#### Aim of the exercise
Your job is to transcribe all the records that follow, excluding any pictures.

'''

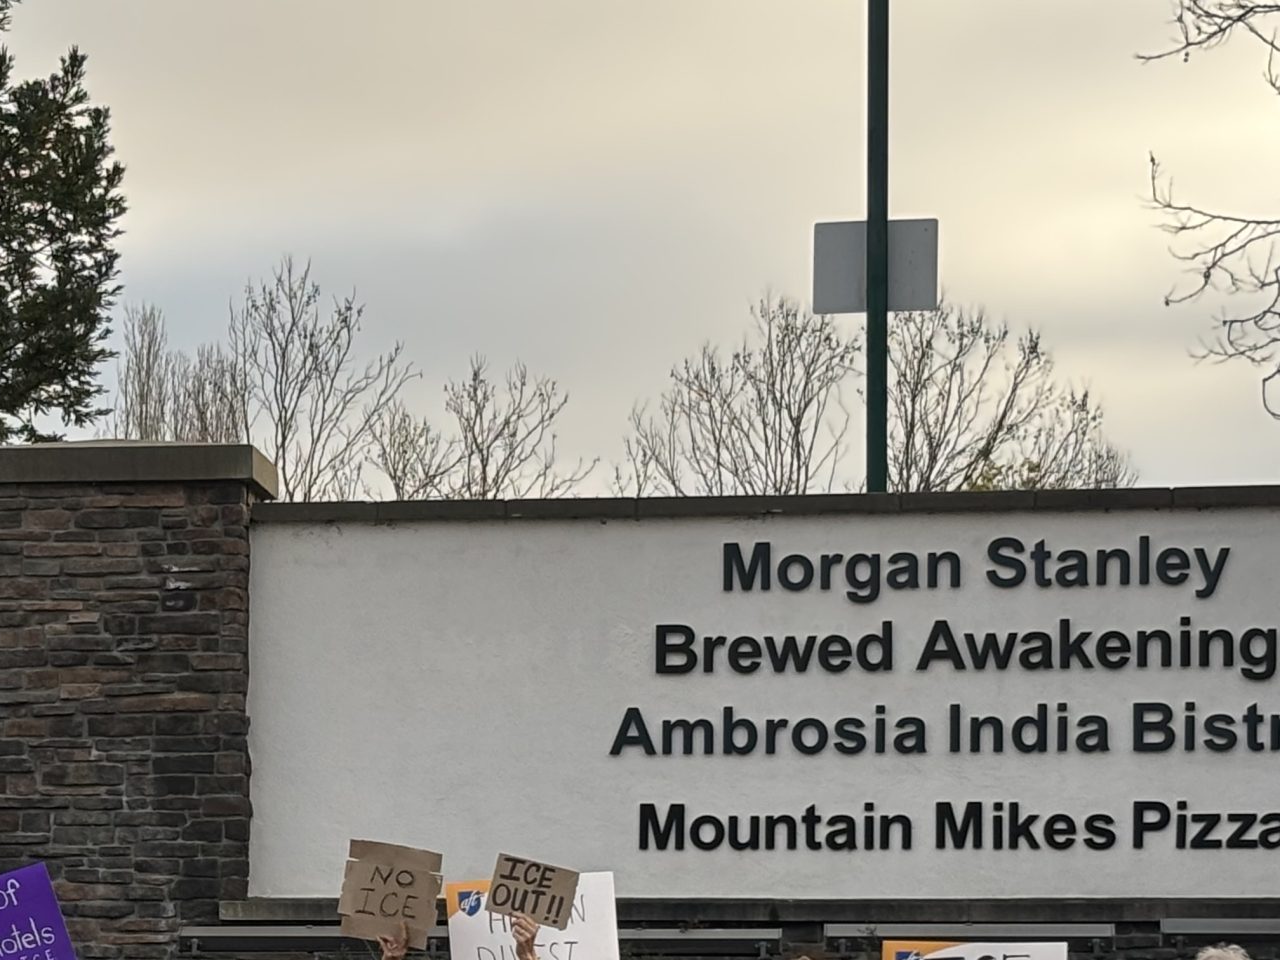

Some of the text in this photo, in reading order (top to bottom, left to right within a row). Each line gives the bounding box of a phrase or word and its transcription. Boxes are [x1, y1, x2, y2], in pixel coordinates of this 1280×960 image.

[723, 535, 1231, 604] Morgan Stanley
[655, 616, 1277, 681] Brewed Awakening
[609, 704, 927, 756] Ambrosia
[949, 702, 1110, 754] India
[638, 800, 1280, 851] Mountain Mikes Pizza
[369, 865, 415, 888] NO
[499, 857, 556, 889] ICE
[354, 887, 419, 919] ICE
[491, 883, 565, 925] OUT!!
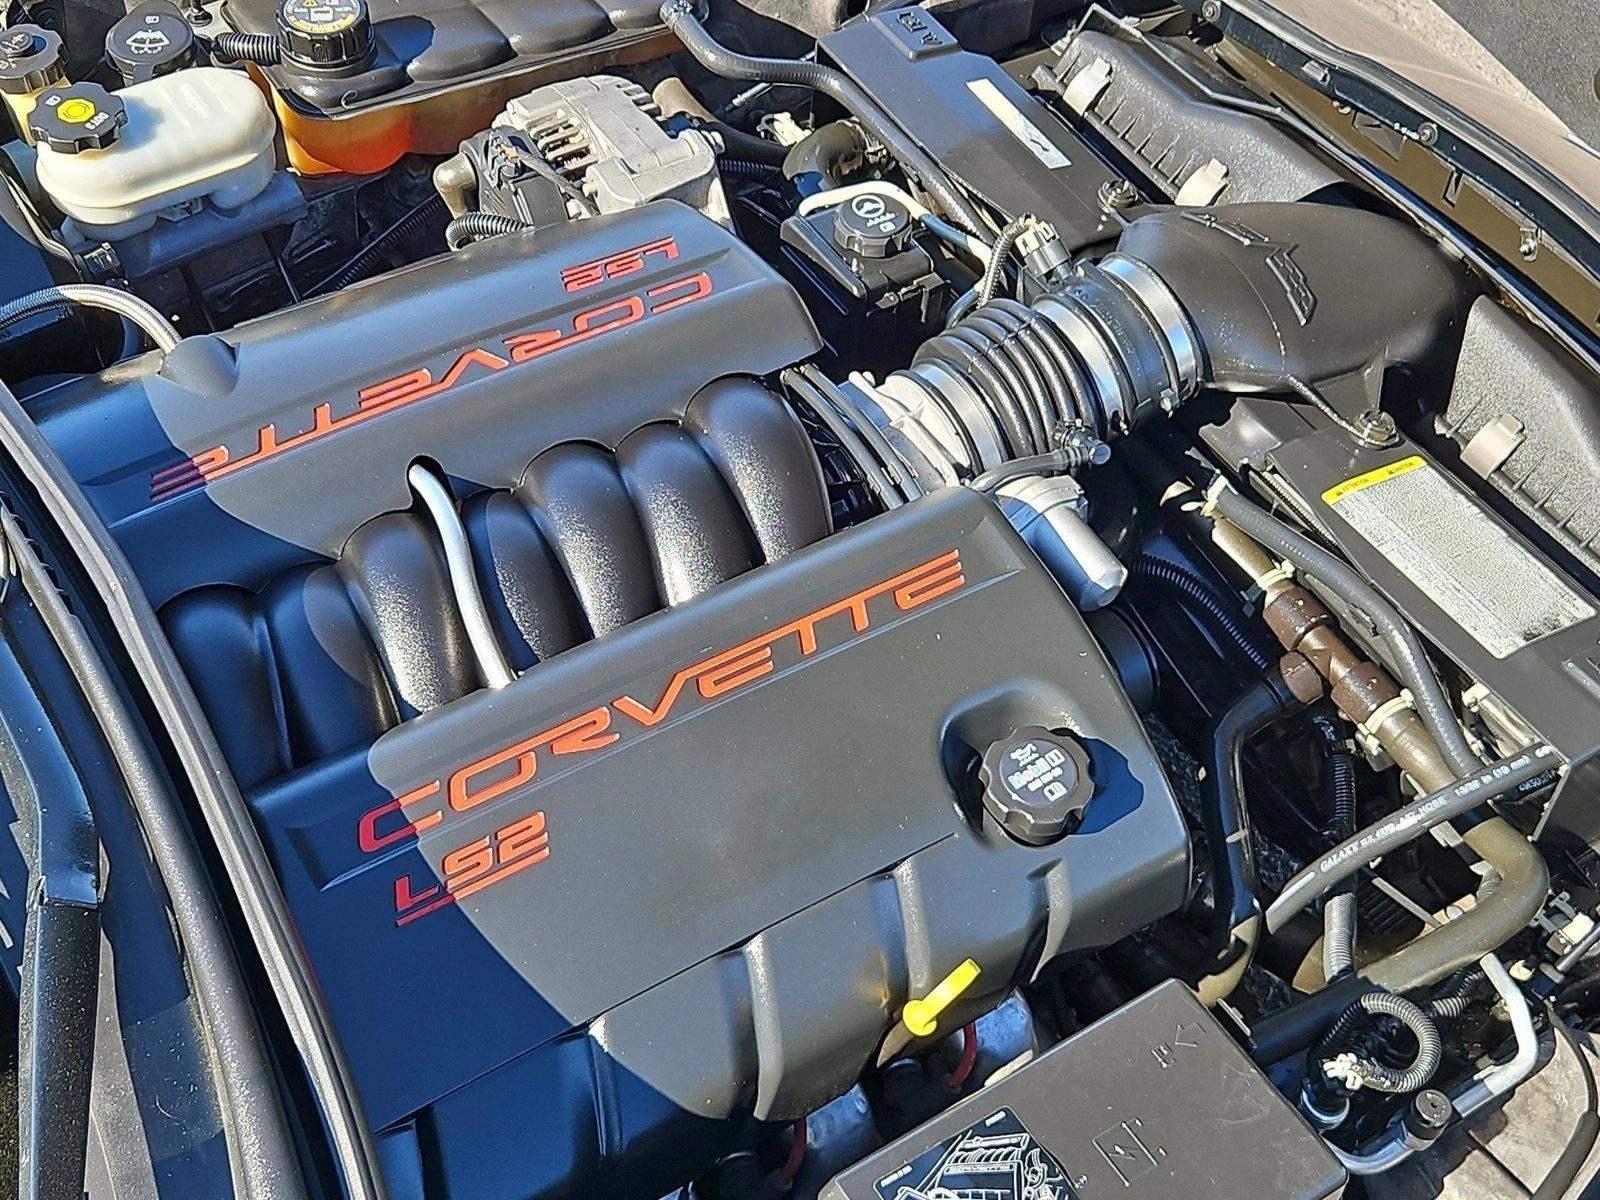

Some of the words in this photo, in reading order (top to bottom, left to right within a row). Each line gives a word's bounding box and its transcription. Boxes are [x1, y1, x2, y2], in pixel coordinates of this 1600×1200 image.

[560, 236, 679, 292] LS2
[150, 272, 712, 501] CORVETTE
[358, 549, 965, 853] CORVETTE
[394, 811, 550, 927] LS2
[1320, 842, 1359, 872] GALAXY
[1419, 795, 1447, 817] HOSE
[1454, 778, 1480, 797] 13/32
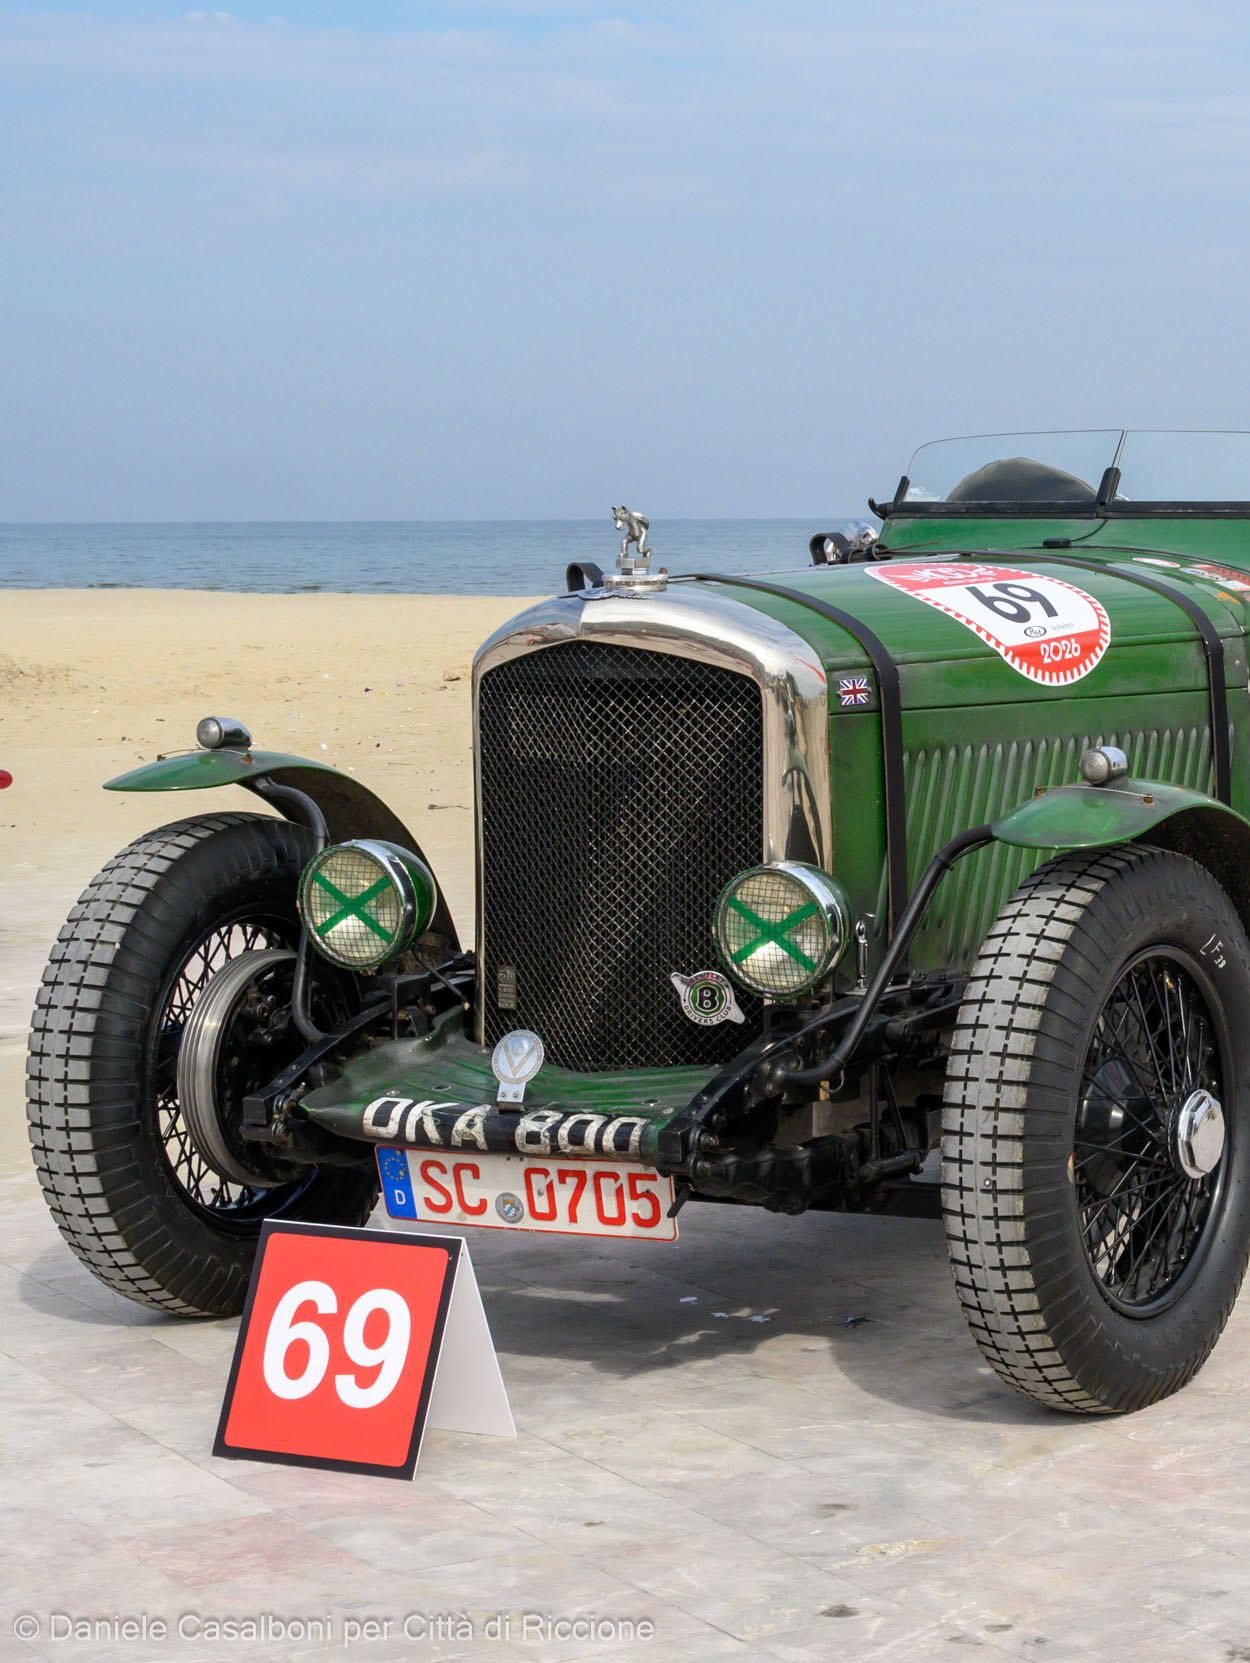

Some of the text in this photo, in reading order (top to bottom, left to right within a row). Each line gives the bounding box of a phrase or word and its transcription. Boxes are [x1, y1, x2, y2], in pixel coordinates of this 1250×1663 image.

[965, 582, 1058, 624] 69
[1040, 638, 1081, 665] 2026
[696, 985, 720, 1012] B
[684, 1006, 732, 1023] DRIVERS CLUB
[394, 1189, 407, 1205] D
[419, 1159, 662, 1229] SC 0705
[263, 1280, 411, 1409] 69

'''

#### Worked solution
Some of the text in this photo, in reading order (top to bottom, left to right within a row). Each line gives the bounding box of a phrase or word and its transcription. Boxes are [x1, y1, x2, y2], in pixel coordinates of this 1280×960 image.

[723, 535, 1231, 604] Morgan Stanley
[655, 616, 1277, 681] Brewed Awakening
[609, 704, 927, 756] Ambrosia
[949, 702, 1110, 754] India
[638, 800, 1280, 851] Mountain Mikes Pizza
[369, 865, 415, 888] NO
[499, 857, 556, 889] ICE
[354, 887, 419, 919] ICE
[491, 883, 565, 925] OUT!!

Some of the words in this photo, in reading order (top to bottom, left to right within a row). Each line gives a word's bounding box and its transcription. Boxes are [x1, y1, x2, y2], in pixel coordinates of this 1600×1200 image.

[560, 236, 679, 292] LS2
[150, 272, 712, 501] CORVETTE
[358, 549, 965, 853] CORVETTE
[394, 811, 550, 927] LS2
[1320, 842, 1359, 872] GALAXY
[1419, 795, 1447, 817] HOSE
[1454, 778, 1480, 797] 13/32

Some of the text in this photo, in reading order (top to bottom, left to right within a row). Each line gives the bounding box of a phrase or word and its transcription. Boxes are [x1, y1, x2, y2], in pixel coordinates of this 1250×1663 image.

[965, 582, 1058, 624] 69
[1040, 638, 1081, 665] 2026
[696, 985, 720, 1012] B
[684, 1006, 732, 1023] DRIVERS CLUB
[394, 1189, 407, 1205] D
[419, 1159, 662, 1229] SC 0705
[263, 1280, 411, 1409] 69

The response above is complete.